#### RECORDS FOR THE TASK:

━━━

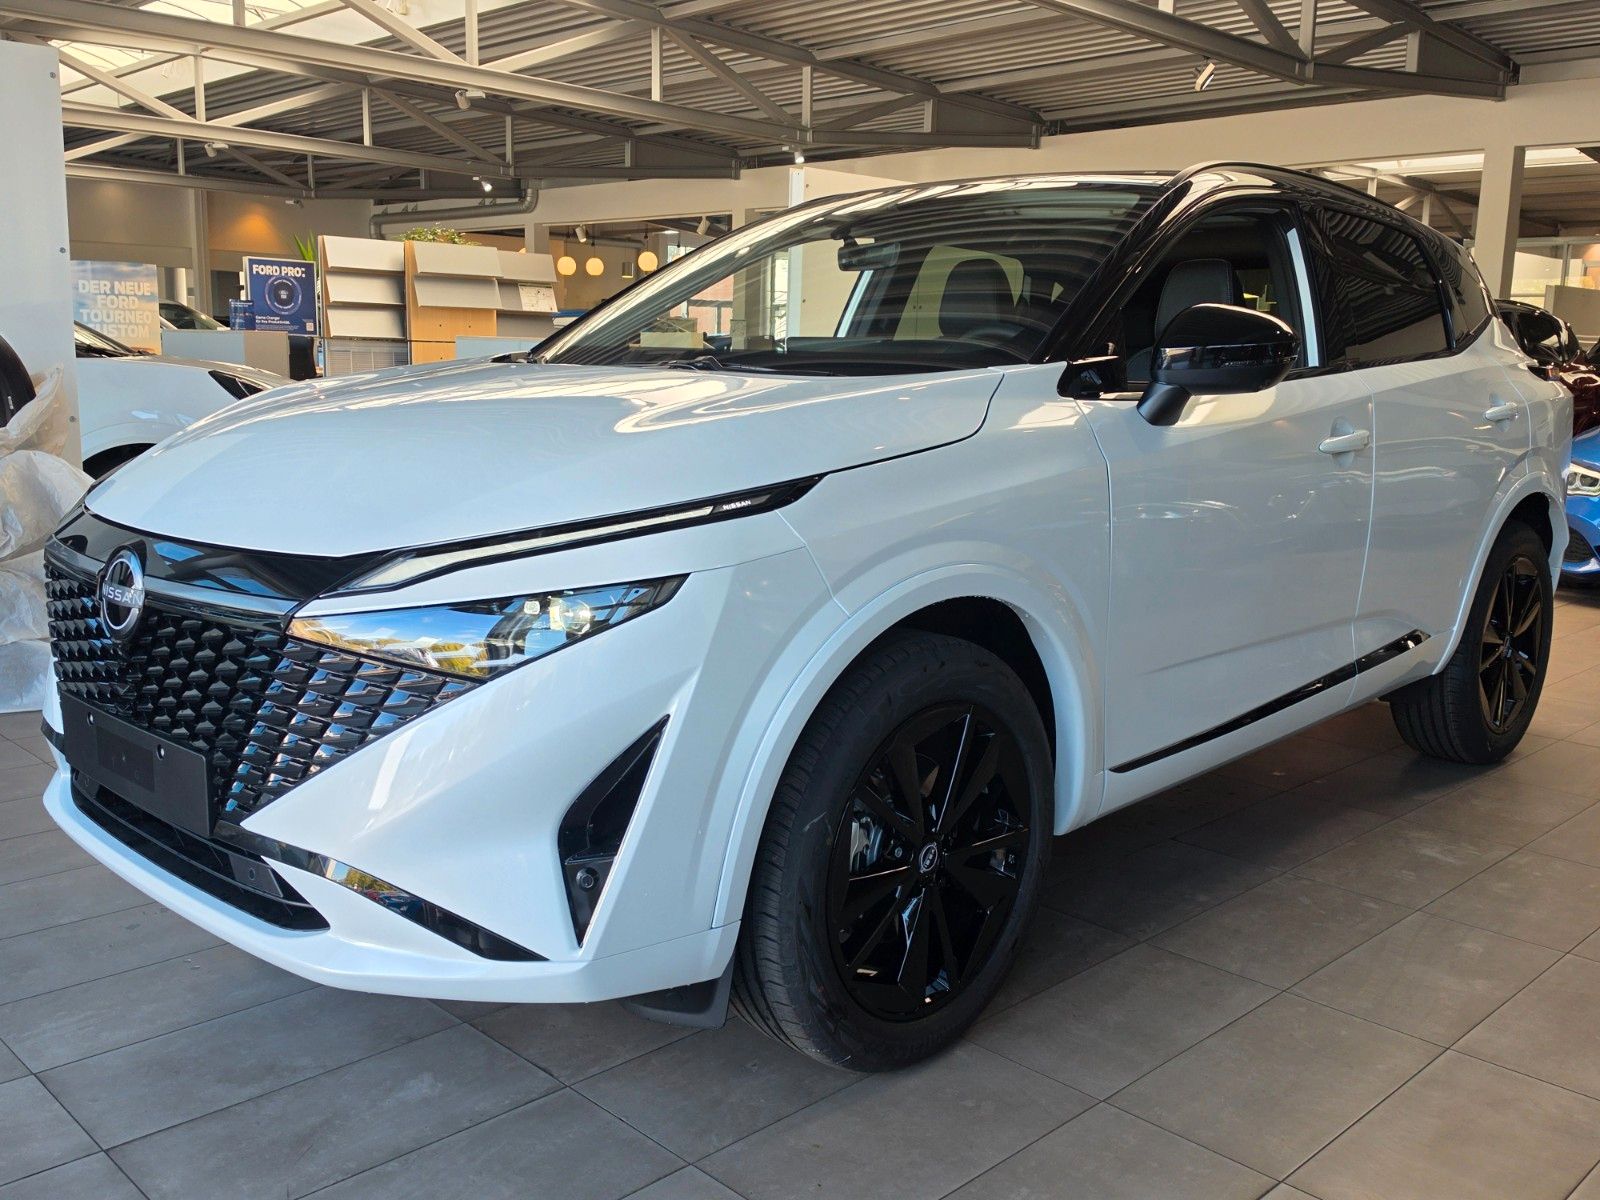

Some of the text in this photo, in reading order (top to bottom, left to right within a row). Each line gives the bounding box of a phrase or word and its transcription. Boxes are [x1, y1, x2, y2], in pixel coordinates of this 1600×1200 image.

[252, 264, 280, 276] FORD
[78, 279, 152, 295] DER NEUE
[96, 294, 139, 310] FORD
[79, 308, 153, 324] TOURNEO
[87, 323, 150, 339] USTOM
[722, 499, 752, 511] NISSAN
[102, 582, 143, 605] NISSAN
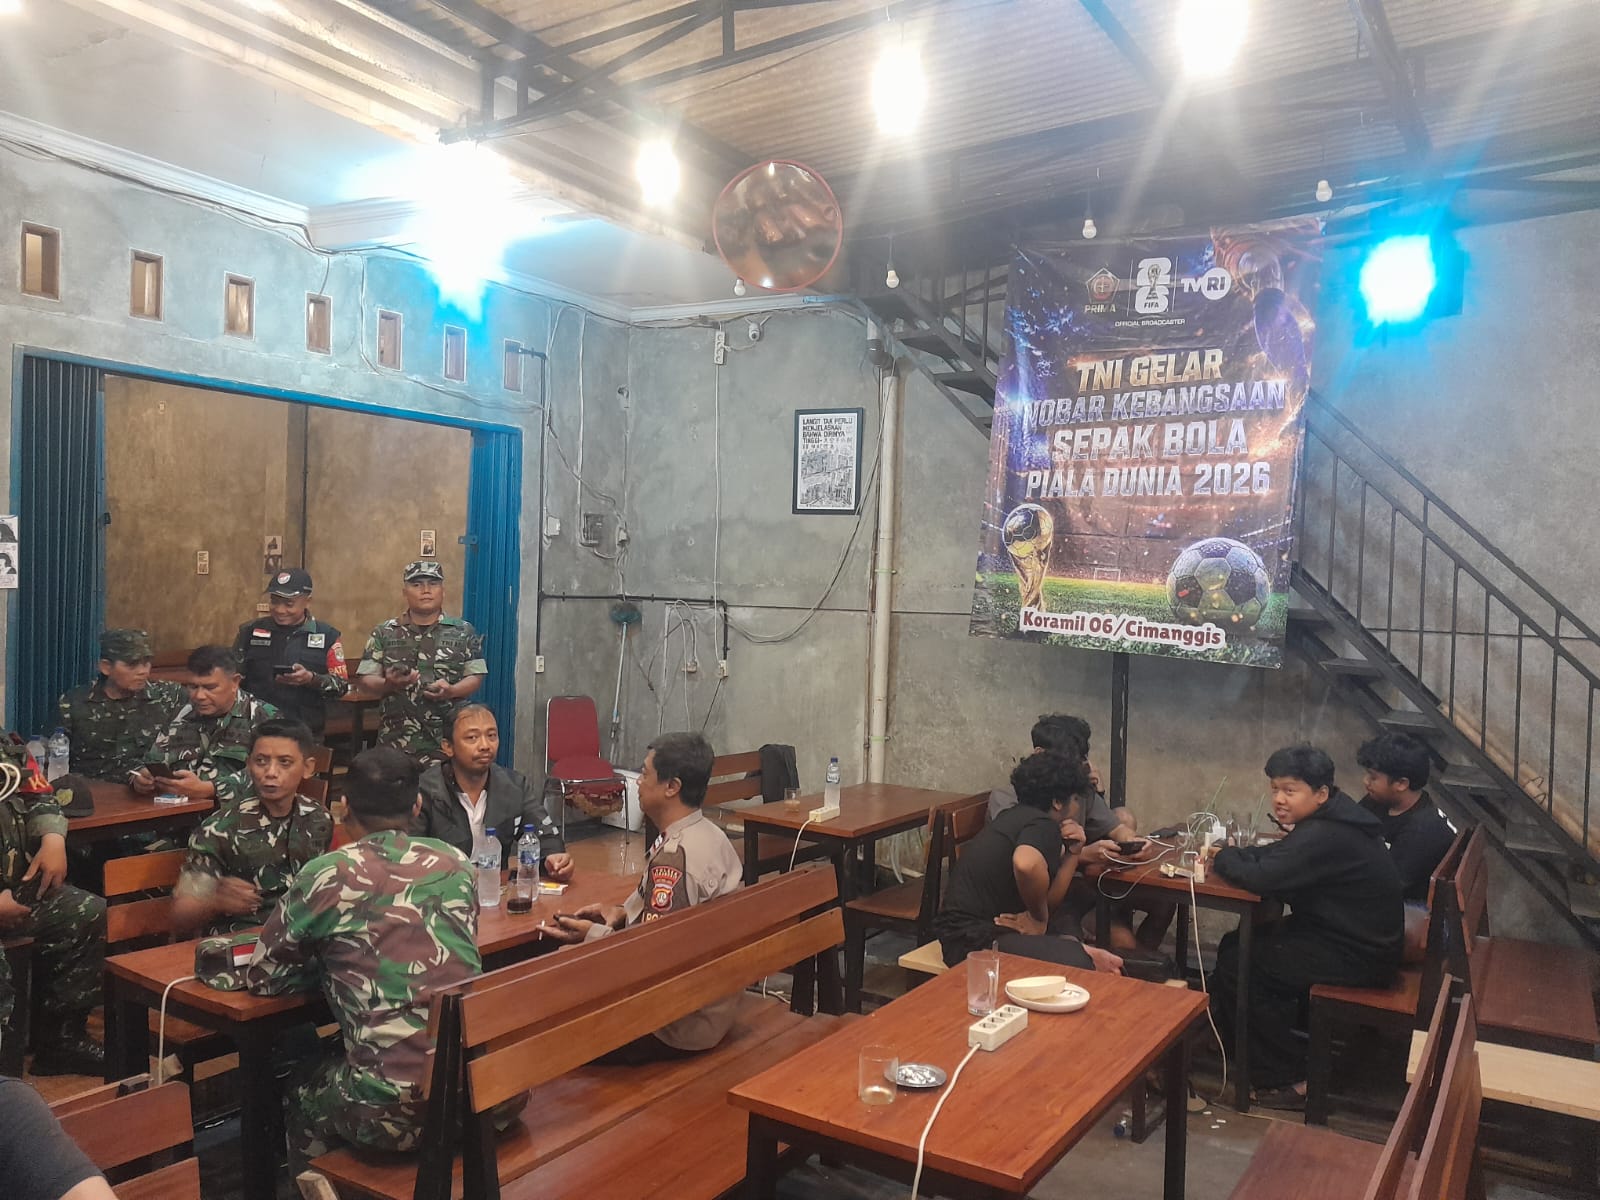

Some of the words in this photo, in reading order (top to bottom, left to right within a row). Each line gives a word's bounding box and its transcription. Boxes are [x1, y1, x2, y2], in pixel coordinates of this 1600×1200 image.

[1141, 318, 1186, 326] BROADCASTER
[1143, 301, 1160, 309] FIFA
[1076, 357, 1124, 393] TNI
[1129, 349, 1224, 387] GELAR
[1022, 395, 1106, 429] NOBAR
[1111, 379, 1288, 421] KEBANGSAAN
[1051, 424, 1158, 461] SEPAK
[1162, 418, 1249, 458] BOLA
[1025, 469, 1096, 500] PIALA
[1102, 465, 1183, 497] DUNIA
[1193, 461, 1271, 496] 2026
[1023, 611, 1085, 632] Koramil
[1089, 616, 1222, 647] 06/Cimanggis
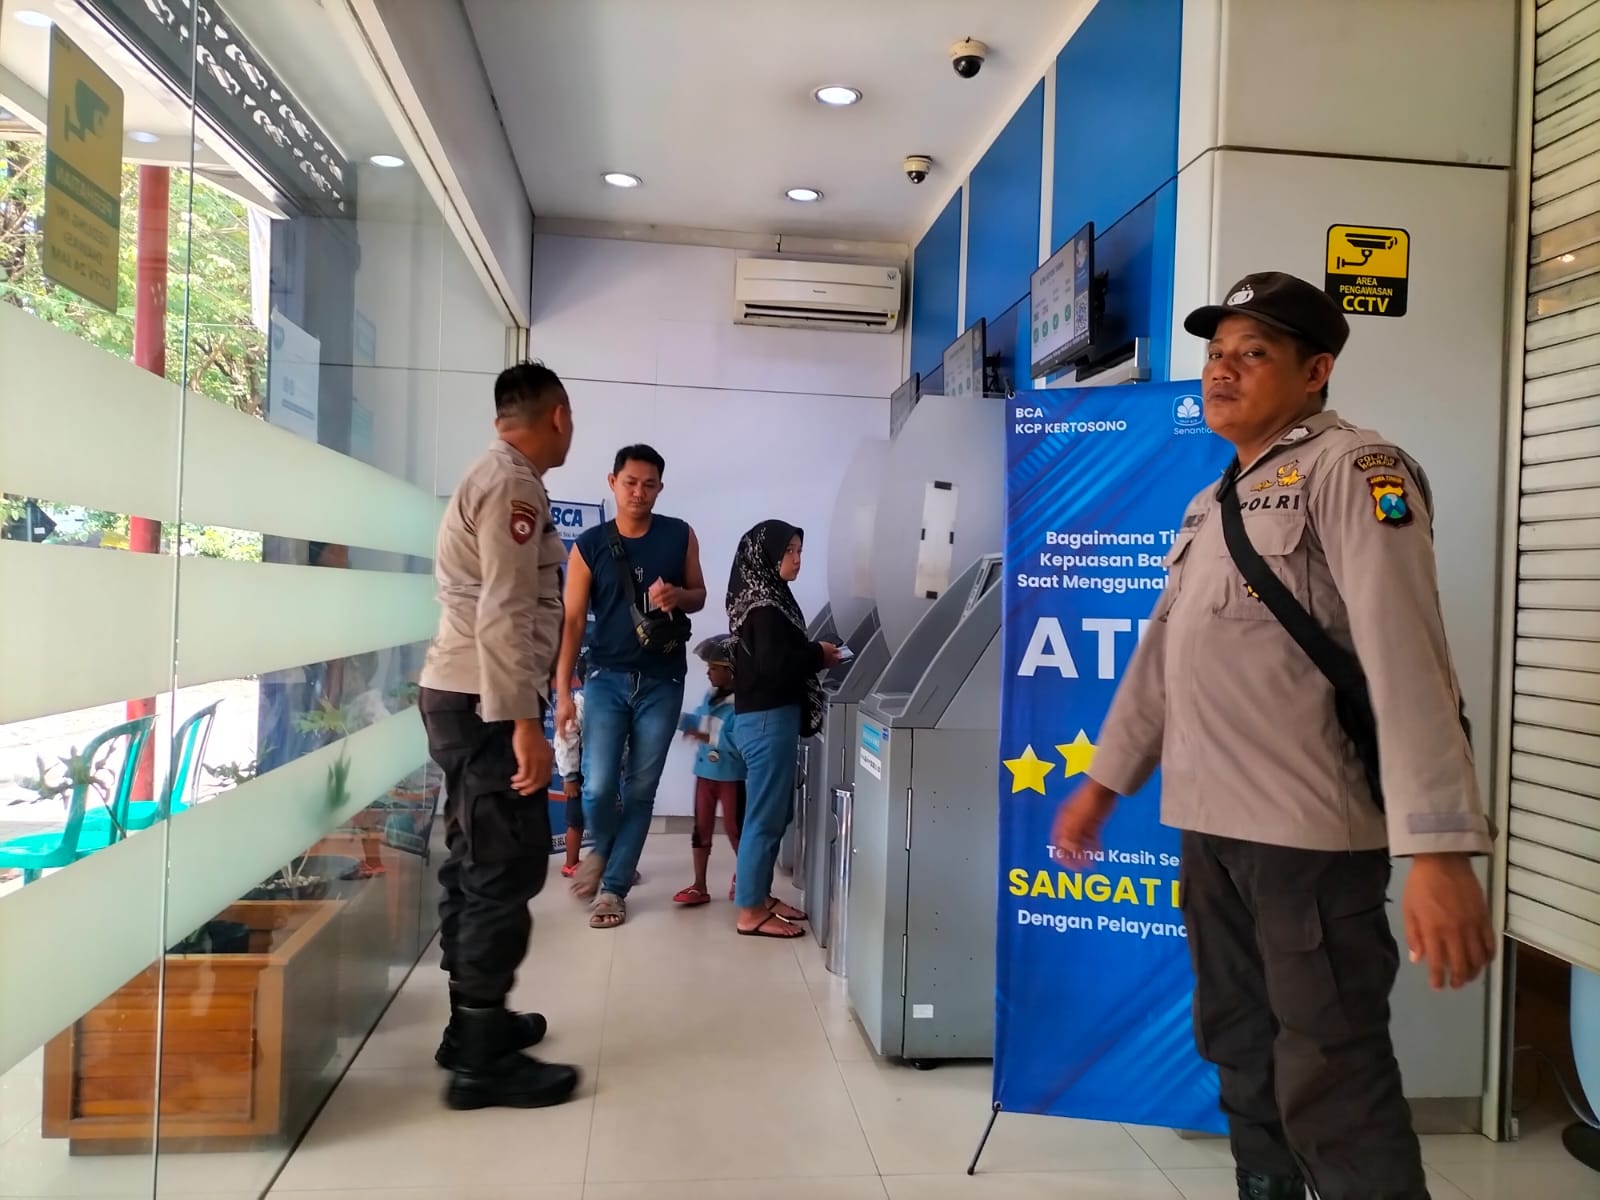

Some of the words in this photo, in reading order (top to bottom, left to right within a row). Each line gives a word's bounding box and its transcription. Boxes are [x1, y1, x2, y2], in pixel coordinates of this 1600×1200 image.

━━━

#### EXERCISE AIM:
Skip the pictures and transcribe the rest of the records exactly.

#### ANSWER SPACE:
Some of the text in this photo, in reading order (top to bottom, left to right within a row). Each line gives the bounding box of a phrase or word and its transcription. Boxes are [x1, y1, x2, y2], in pixel coordinates of this 1600×1200 image.

[252, 264, 280, 276] FORD
[78, 279, 152, 295] DER NEUE
[96, 294, 139, 310] FORD
[79, 308, 153, 324] TOURNEO
[87, 323, 150, 339] USTOM
[722, 499, 752, 511] NISSAN
[102, 582, 143, 605] NISSAN

Some of the words in this photo, in reading order (top to bottom, left to right within a row). Each line gives a word's bounding box and its transcription. Boxes are [x1, y1, x2, y2], in pixel coordinates of this 1600×1200 image.

[1141, 318, 1186, 326] BROADCASTER
[1143, 301, 1160, 309] FIFA
[1076, 357, 1124, 393] TNI
[1129, 349, 1224, 387] GELAR
[1022, 395, 1106, 429] NOBAR
[1111, 379, 1288, 421] KEBANGSAAN
[1051, 424, 1158, 461] SEPAK
[1162, 418, 1249, 458] BOLA
[1025, 469, 1096, 500] PIALA
[1102, 465, 1183, 497] DUNIA
[1193, 461, 1271, 496] 2026
[1023, 611, 1085, 632] Koramil
[1089, 616, 1222, 647] 06/Cimanggis

Some of the words in this photo, in reading order (top to bottom, left to right within a row). Each line gives a word's bounding box and its transcription. Boxes are [x1, y1, x2, y2], in pixel coordinates of this 1600×1200 image.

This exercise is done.